Rio de Janeiro

Em 5º dia de greve, garis manifestam no centro da cidade e revindicam aumento de 40% no salário

Após chuvas, Rio amanheceu com sujeira acumulada; Justiça considera paralisação ilegal

Do R7

No 5º dia de greve dos garis, os trabalhadores iniciaram uma passeata para reivindicar aumento nos salários, na tarde desta terça-feira (17), no centro do Rio. Enquanto a classe pede 40% de aumento e vale refeição de R$27 por dia, a Prefeitura oferece um acréscimo de 3% no valor. Atualmente, o piso mínimo da remuneração é de R$ 1.110, e, somado aos benefícios, pode chegar a R$ 1.900.
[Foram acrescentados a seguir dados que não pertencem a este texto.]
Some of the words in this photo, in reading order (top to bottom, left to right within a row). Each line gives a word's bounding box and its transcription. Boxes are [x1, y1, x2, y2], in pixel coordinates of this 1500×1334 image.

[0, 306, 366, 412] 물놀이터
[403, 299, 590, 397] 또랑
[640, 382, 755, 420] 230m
Na segunda-feira (16), uma reunião entre representantes do sindicato, do Ministério Público do Trabalho e da Comlurb iria firmar um acordo para o fim da greve. Entretanto, a companhia de limpeza não apareceu no local.

A Justiça determinou o retorno de 75% dos trabalhadores ao expediente; contudo, a Comlurb alega que a decisão não tem sido cumprida. Já o sindicato afirma que o quantitativo exigido de garis tem trabalhado normalmente. Há relatos de trabalhadores que foram agredidos por não aderirem à paralisação. Esses funcionários estão sendo escoltados por guardas municipais e policiais militares.
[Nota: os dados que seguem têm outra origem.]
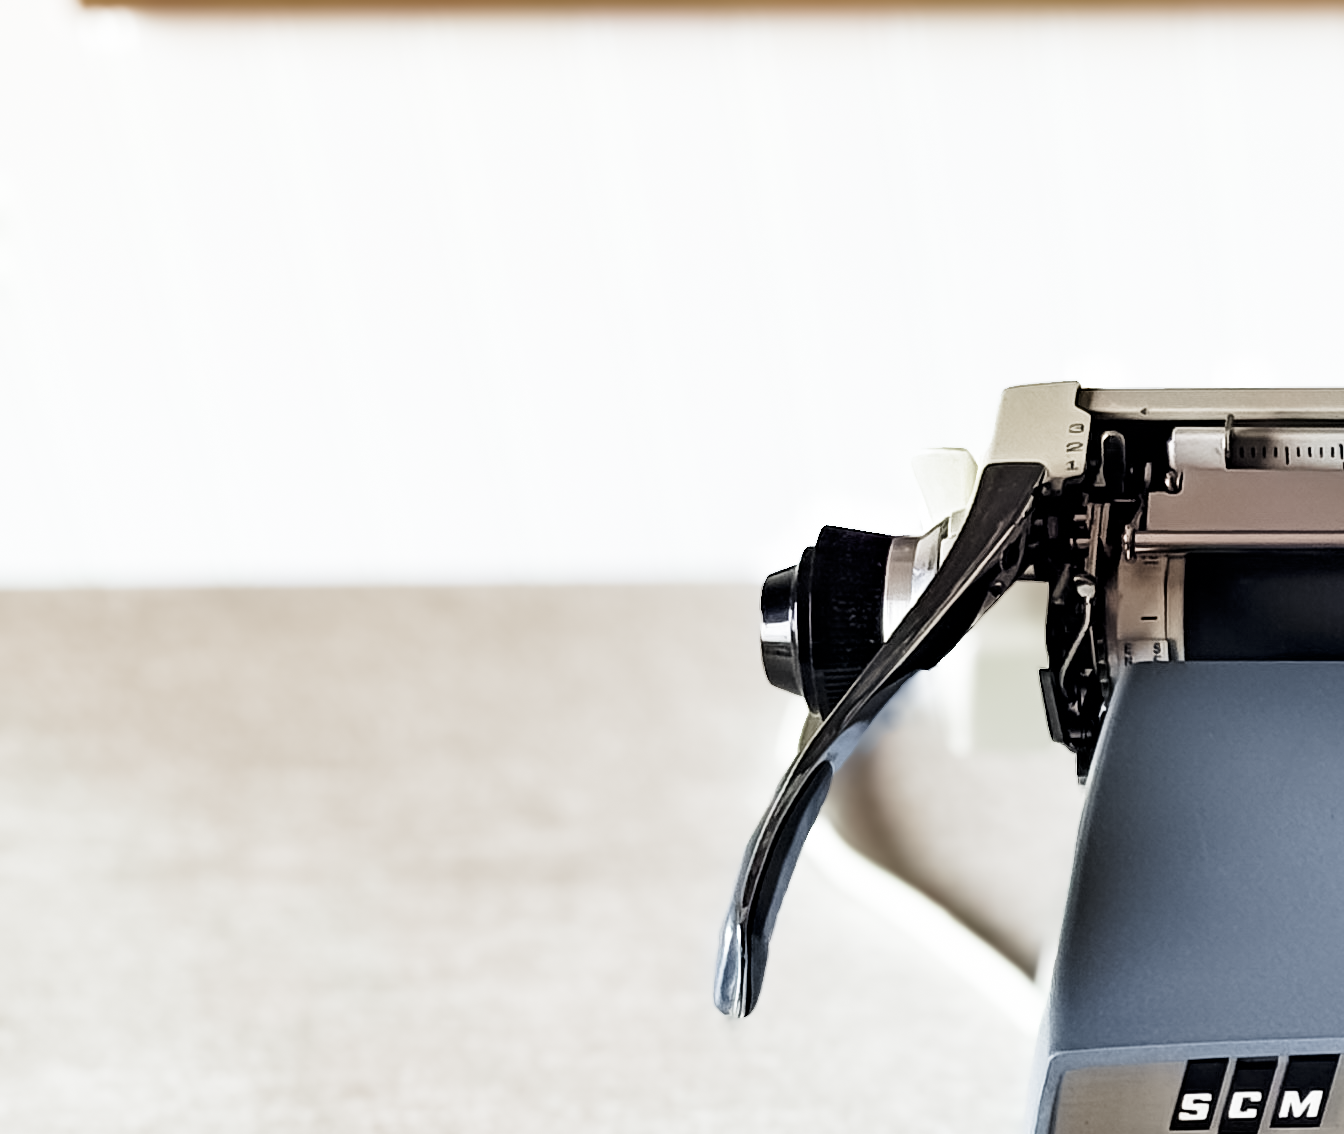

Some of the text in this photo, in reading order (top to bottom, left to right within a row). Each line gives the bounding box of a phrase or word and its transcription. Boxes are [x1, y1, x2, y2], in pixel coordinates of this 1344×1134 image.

De acordo com o sindicato, a Prefeitura ainda não convocou a classe para um acordo e, por isso, a greve tem se perpetuado.

Com a paralisação, a cidade do Rio de Janeiro amanheceu com lixo acumulado pelas ruas. As chuvas que ocorreram na noite desta segunda espalharam a sujeira. O mau cheiro tem incomodado os moradores, e a situação pode gerar focos de doenças contagiosas.

A Justiça considera a greve abusiva por não ter sido comunicada com 72 horas de antecedência.